殿下の敗北宣言
女子寮の重厚な玄関。そこには「女子寮の鉄則」を体現したような厳格な寮監が、戸惑いの表情を浮かべて立ち塞がっていた。
「ま、待ってください殿下! いかに王太子殿下といえど、ここは男子禁制……っ」
しかし、殿下は足を止めることすらしない。彼は社交の場で見せる、隙のない完璧な微笑を寮監へと向けた。
「私の婚約者が倒れたのだ。私が自ら部屋まで運び、容態を見極める必要がある。……それとも、寮の規則は、王室の健康管理よりも優先されるべきものなのかい?」
「――っ! こ、婚約者様……」
寮監は絶句した。王太子自らが腕に抱き、ここまで運んできた正体不明の少女。それが「将来の王妃」であると明言されたのだ。その事実に圧倒され、寮監は震える手で道を開ける。
「ど、どうぞ、お通りくださいませ……。ですが殿下、くれぐれも……その、長居は無用に願います。学園の規律もございますゆえ、節度あるお振る舞いを……」
「不適切な真似はしないでください」という精一杯の遠回しな忠告を、殿下は余裕の笑みで受け流した。
「分かっている。彼女の体が第一だからな」
静まり返った女子寮の廊下に、私を抱える殿下の規則正しい靴音だけが響き渡る。
誰にも正体を知られないよう、必死に顔を押し付けて隠していたせいで、溜まった熱が涙となって瞳を潤ませる。私は殿下の胸元で、か細い声を絞り出した。

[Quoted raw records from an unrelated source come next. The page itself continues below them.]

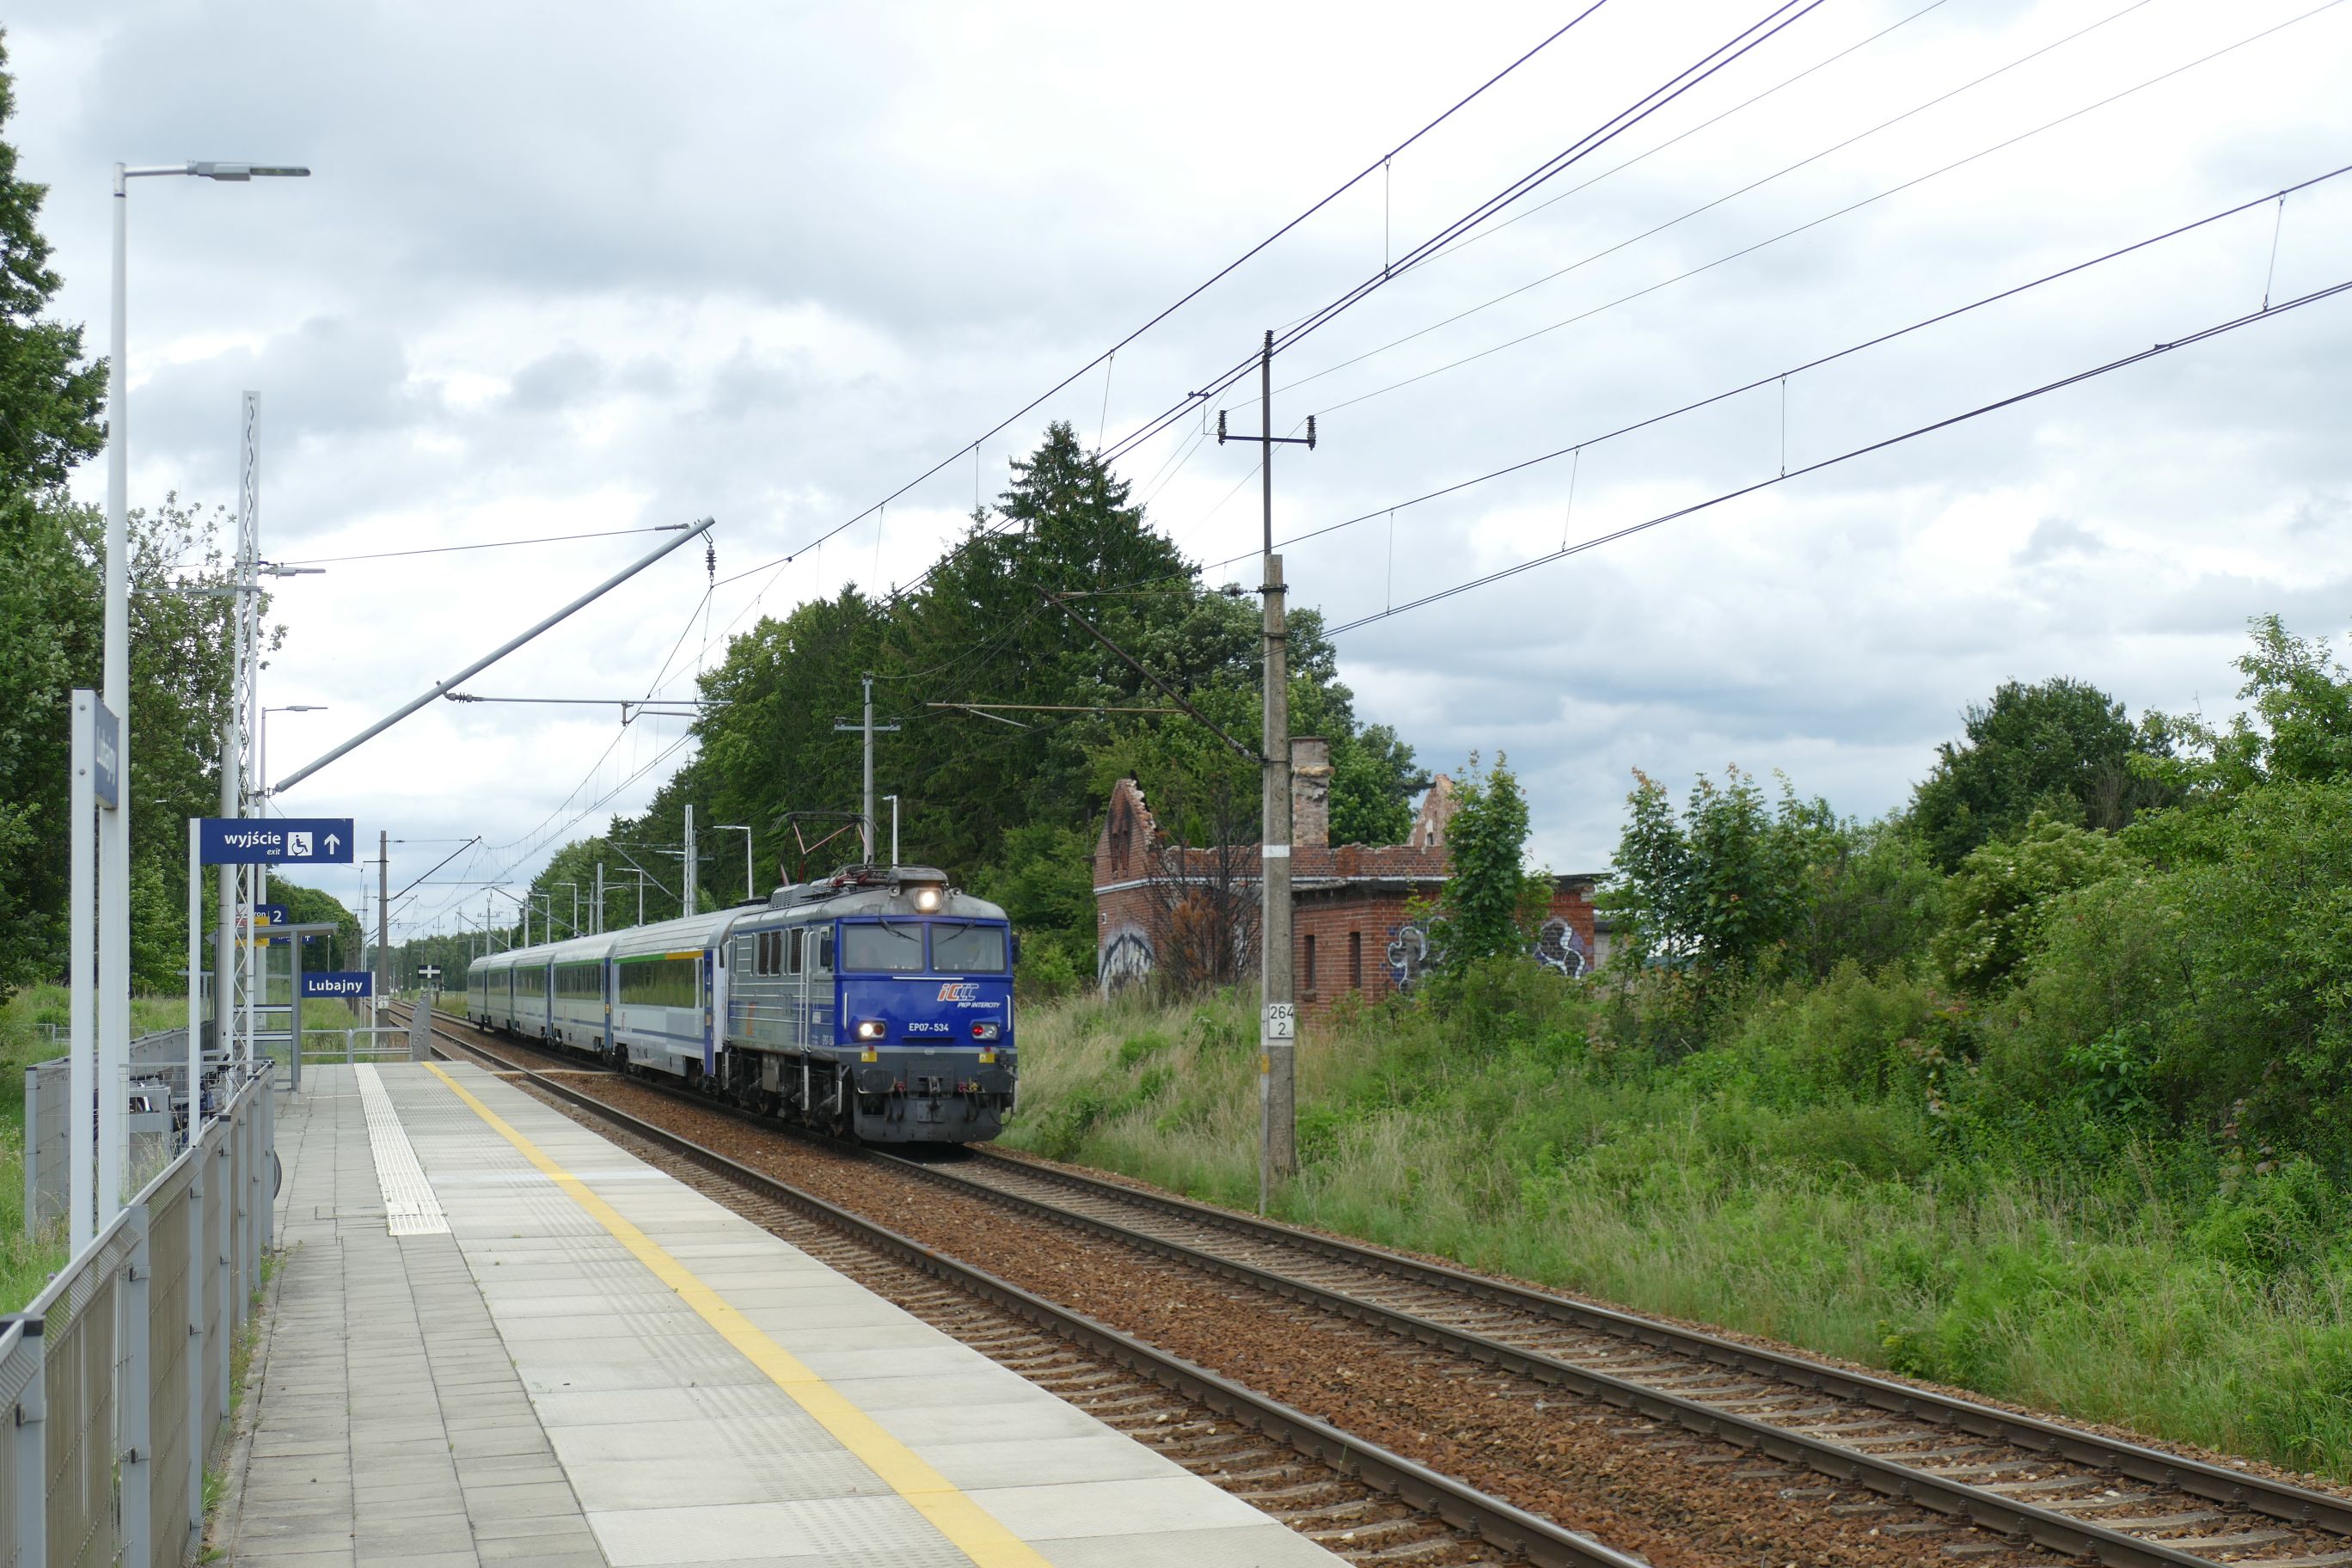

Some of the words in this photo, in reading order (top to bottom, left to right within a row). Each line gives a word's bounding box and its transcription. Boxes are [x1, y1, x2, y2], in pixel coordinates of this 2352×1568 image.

[224, 831, 281, 848] wyjście
[273, 910, 282, 922] 2
[309, 979, 363, 994] Lubajny
[1271, 1006, 1294, 1020] 264
[909, 1022, 949, 1032] EP07-534
[1278, 1022, 1286, 1035] 2
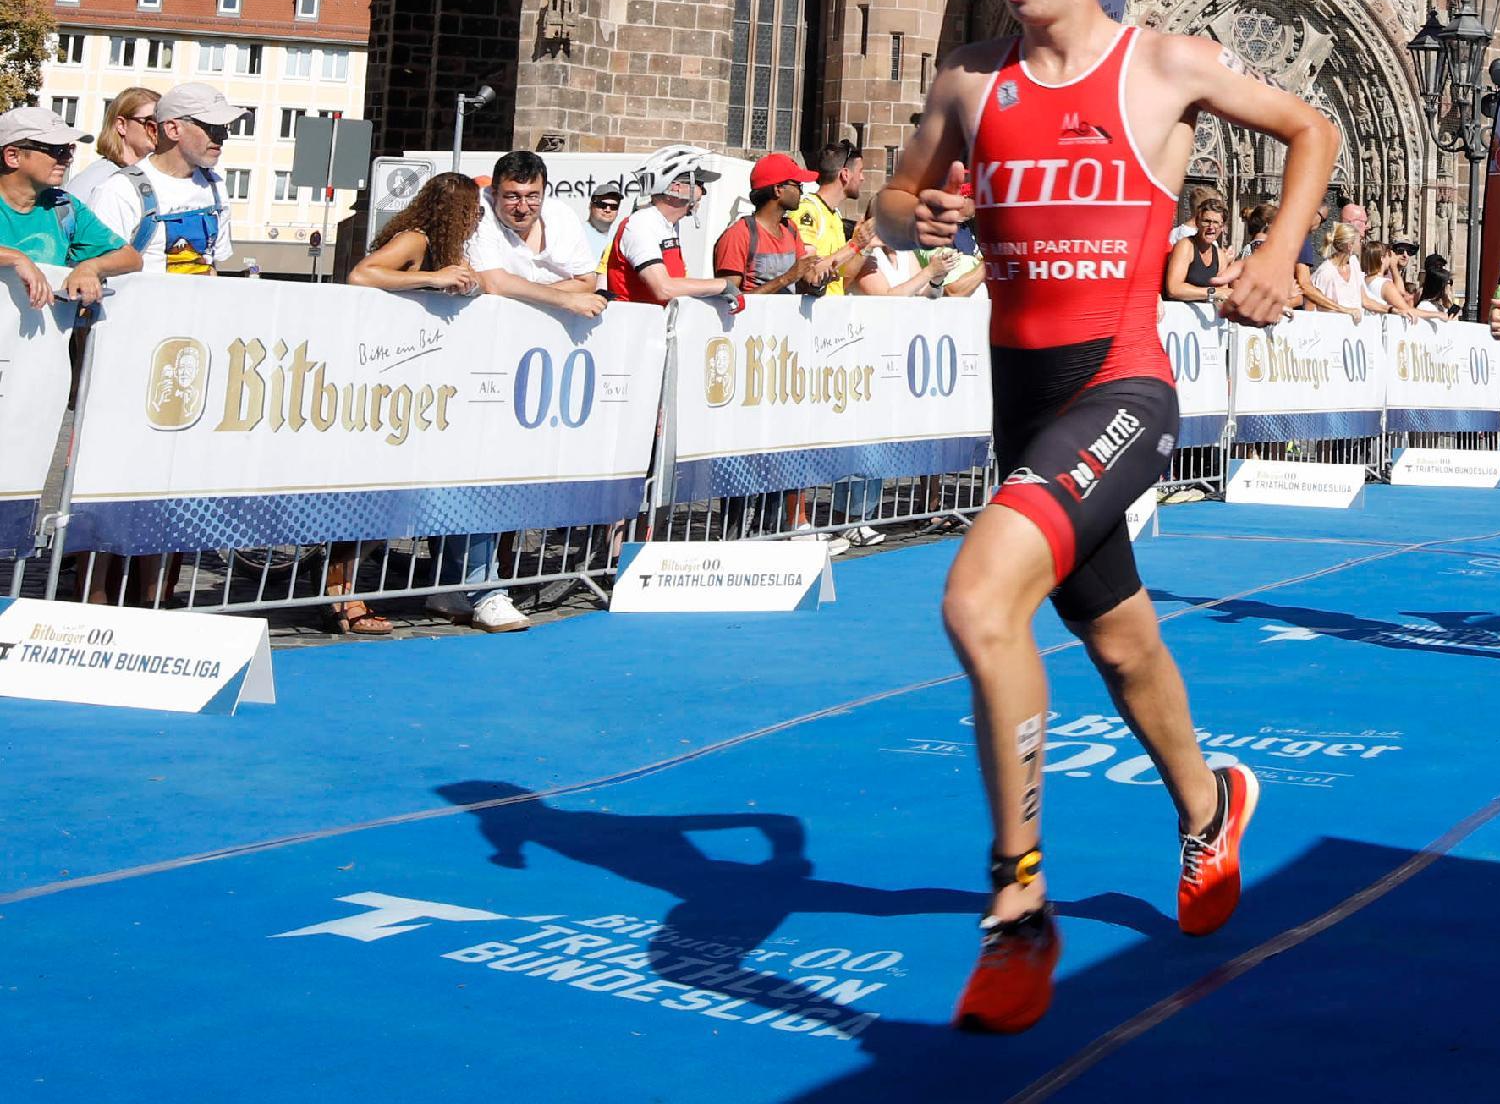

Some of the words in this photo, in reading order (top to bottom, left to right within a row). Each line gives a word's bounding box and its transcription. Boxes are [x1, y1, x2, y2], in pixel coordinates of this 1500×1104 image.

[1028, 260, 1128, 280] HORN
[1033, 240, 1128, 254] PARTNER
[741, 334, 876, 414] Bitburger
[907, 334, 958, 398] 0.0
[1166, 331, 1200, 383] 0.0
[1265, 335, 1330, 390] Bitburger
[1342, 338, 1367, 383] 0.0
[1410, 342, 1460, 391] Bitburger
[213, 336, 459, 446] Bitburger
[513, 346, 596, 430] 0.0
[1255, 481, 1300, 491] TRIATHLON
[657, 574, 723, 587] TRIATHLON
[726, 573, 803, 587] BUNDESLIGA
[29, 623, 85, 645] Bitburger
[20, 643, 114, 669] TRIATHLON
[114, 653, 222, 679] BUNDESLIGA
[511, 925, 887, 1006] TRIATHLON
[573, 914, 787, 963] Bitburger
[790, 947, 904, 973] 0.0
[440, 941, 881, 1042] BUNDESLIGA
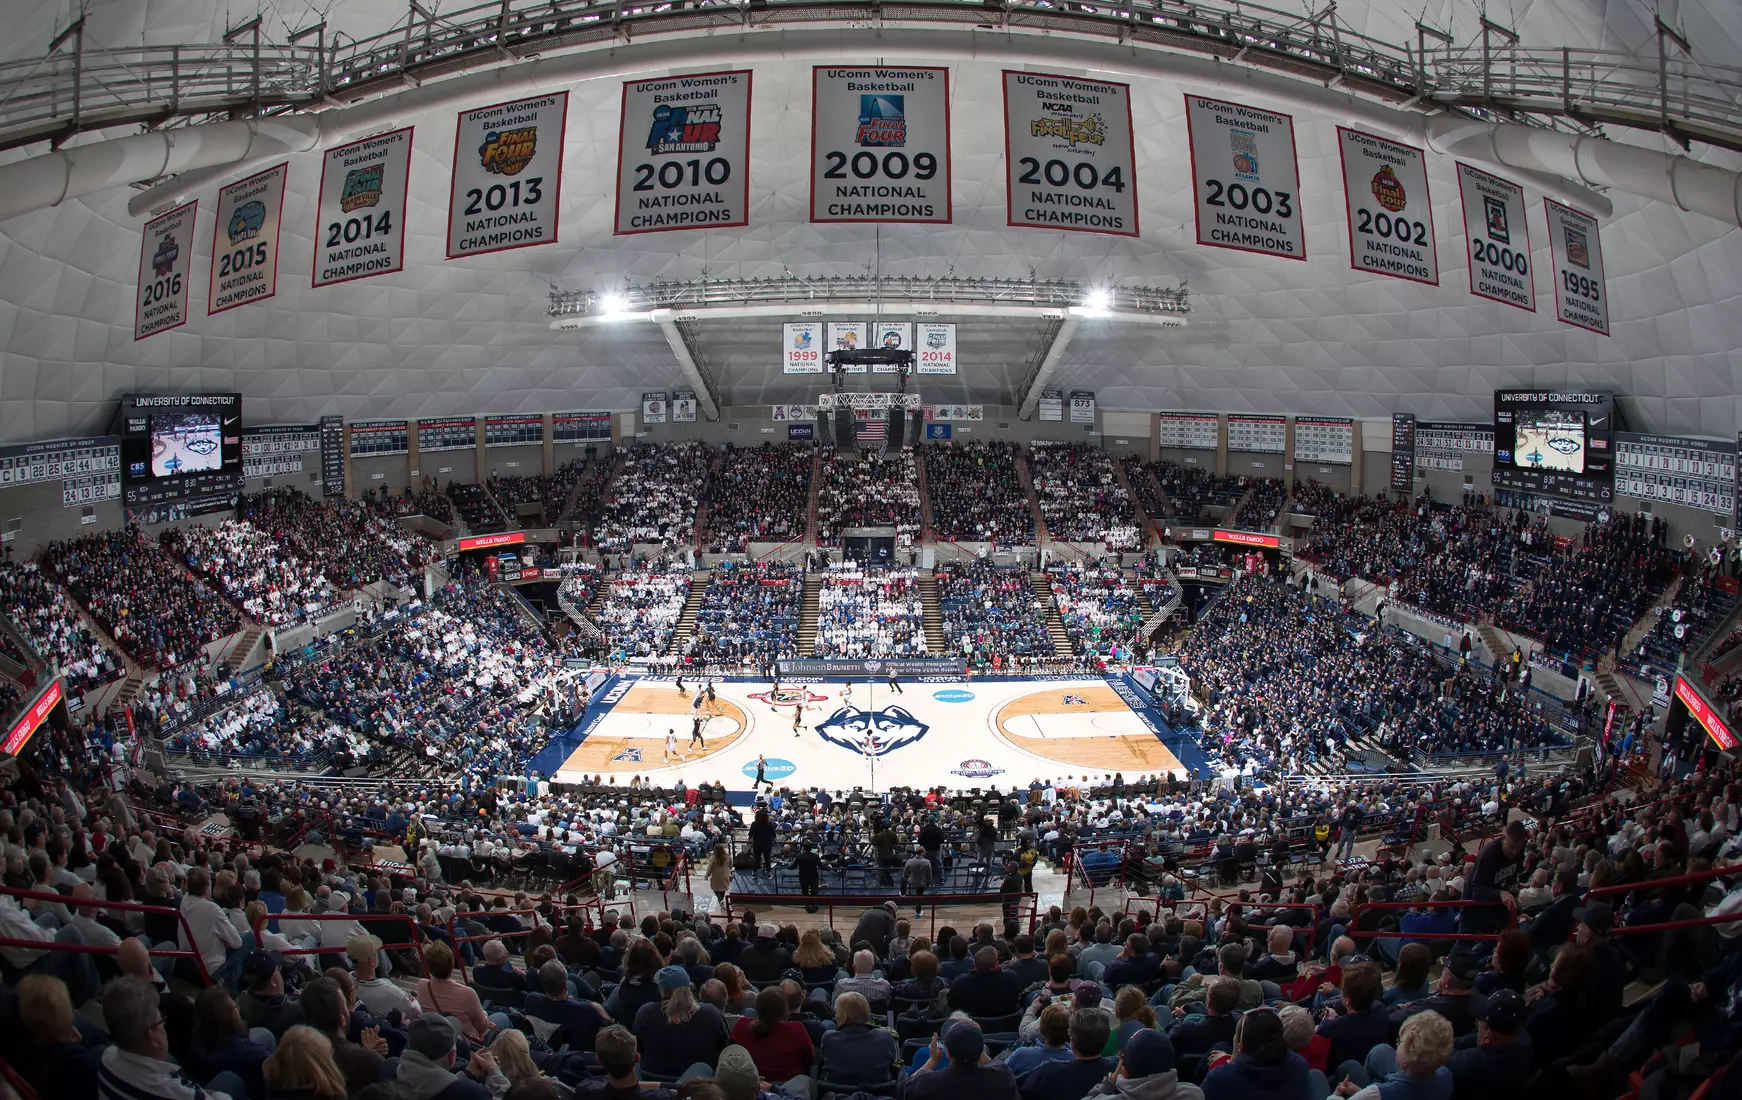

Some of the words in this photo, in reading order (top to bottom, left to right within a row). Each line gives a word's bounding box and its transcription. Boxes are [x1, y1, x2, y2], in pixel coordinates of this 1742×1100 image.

[636, 82, 677, 93] UConn
[681, 76, 738, 88] Women's
[828, 70, 871, 79] UConn
[875, 70, 934, 80] Women's
[847, 82, 915, 92] Basketball
[1017, 76, 1058, 88] UConn
[1062, 80, 1117, 95] Women's
[653, 89, 718, 104] Basketball
[1036, 90, 1100, 105] Basketball
[469, 108, 502, 122] UConn
[506, 97, 555, 113] Women's
[1042, 102, 1073, 113] NCAA
[1197, 99, 1233, 115] UConn
[1236, 107, 1282, 125] Women's
[483, 112, 537, 131] Basketball
[1215, 115, 1269, 134] Basketball
[333, 146, 360, 159] UConn
[363, 134, 403, 151] Women's
[659, 143, 675, 153] SAN
[675, 142, 709, 151] ANTONIO
[1347, 132, 1377, 149] UConn
[1379, 140, 1417, 159] Women's
[343, 149, 388, 168] Basketball
[824, 151, 937, 180] 2009
[1362, 148, 1406, 167] Basketball
[226, 183, 247, 196] UConn
[249, 169, 280, 186] Women's
[633, 157, 731, 192] 2010
[1018, 157, 1126, 194] 2004
[1464, 168, 1487, 182] UConn
[1488, 176, 1517, 194] Women's
[234, 184, 268, 203] Basketball
[464, 177, 543, 216] 2013
[638, 192, 724, 209] NATIONAL
[836, 186, 926, 198] NATIONAL
[1031, 191, 1116, 210] NATIONAL
[1205, 179, 1292, 219] 2003
[1476, 183, 1510, 201] Basketball
[631, 209, 731, 227] CHAMPIONS
[828, 203, 934, 216] CHAMPIONS
[1025, 209, 1123, 229] CHAMPIONS
[155, 220, 182, 238] Basketball
[326, 210, 392, 249] 2014
[466, 211, 537, 233] NATIONAL
[1216, 212, 1286, 235] NATIONAL
[1357, 208, 1428, 247] 2002
[1560, 217, 1587, 233] Basketball
[459, 227, 543, 250] CHAMPIONS
[1211, 229, 1293, 252] CHAMPIONS
[219, 241, 267, 278] 2015
[328, 242, 386, 264] NATIONAL
[1366, 239, 1423, 262] NATIONAL
[1472, 238, 1528, 276] 2000
[323, 257, 391, 280] CHAMPIONS
[1363, 255, 1429, 278] CHAMPIONS
[220, 270, 263, 292] NATIONAL
[1481, 268, 1524, 289] NATIONAL
[1561, 269, 1600, 301] 1995
[143, 273, 181, 307] 2016
[216, 284, 266, 307] CHAMPIONS
[1478, 281, 1528, 305] CHAMPIONS
[144, 301, 178, 319] NATIONAL
[1565, 296, 1600, 316] NATIONAL
[141, 312, 180, 334] CHAMPIONS
[1564, 309, 1604, 329] CHAMPIONS
[788, 351, 818, 361] 1999
[922, 351, 951, 361] 2014
[136, 397, 180, 407] UNIVERSITY
[181, 397, 188, 406] OF
[191, 397, 235, 405] CONNECTICUT
[1074, 400, 1090, 408] 873
[1501, 393, 1537, 402] UNIVERSITY
[1538, 393, 1547, 402] OF
[1548, 393, 1599, 403] CONNECTICUT
[49, 463, 60, 475] 25
[64, 462, 75, 473] 42
[79, 460, 90, 471] 44
[108, 456, 119, 467] 42
[33, 466, 44, 477] 22
[237, 476, 245, 486] 25
[1723, 466, 1731, 477] 14
[82, 488, 90, 499] 13
[95, 486, 105, 496] 22
[1493, 472, 1500, 482] 55
[1601, 487, 1610, 498] 25
[65, 491, 77, 502] 24
[127, 491, 137, 502] 55
[1704, 494, 1715, 506] 24
[1721, 496, 1732, 509] 33
[1246, 535, 1264, 543] FARGO
[925, 661, 959, 669] Management
[600, 680, 634, 704] UCONN

「……で、殿下。もう、大丈夫、です……。歩けます……っ」
殿下を見上げた私の瞳は、本人の意図に反して、縋るように「うるうる」と濡れてしまっていた。
「…………」
殿下が、ふっと足を止めた。
私を面白がるように見ていた彼の瞳がわずかに見開かれ、その余裕に満ちた表情に、初めて明らかな動揺が走る。私を抱える腕にグッと力が入り、彼は苦しげに一度目を閉じると、深く、長くため息をついた。
「……卑怯だな、セレナは。……そんな顔をされたら、勝てない」
まさかの、殿下の敗北宣言。
殿下はゆっくりと私を床に下ろしたが、腰に回された手だけは離してくれない。
「いいだろう。ここからはお前の足で歩け。……だが、エスコートはさせてもらう。このまま私の腕を離して、また倒れられたら困るからな」
降参した、というように首を振りながらも、殿下は私の腰をしっかりと抱き寄せ、エスコートの形をとった。
結局、腕の中からは脱せたものの、密着したままなのは変わらない。私は殿下の手首をそっと握り、支えられながら自室へと続く階段を上り始めた。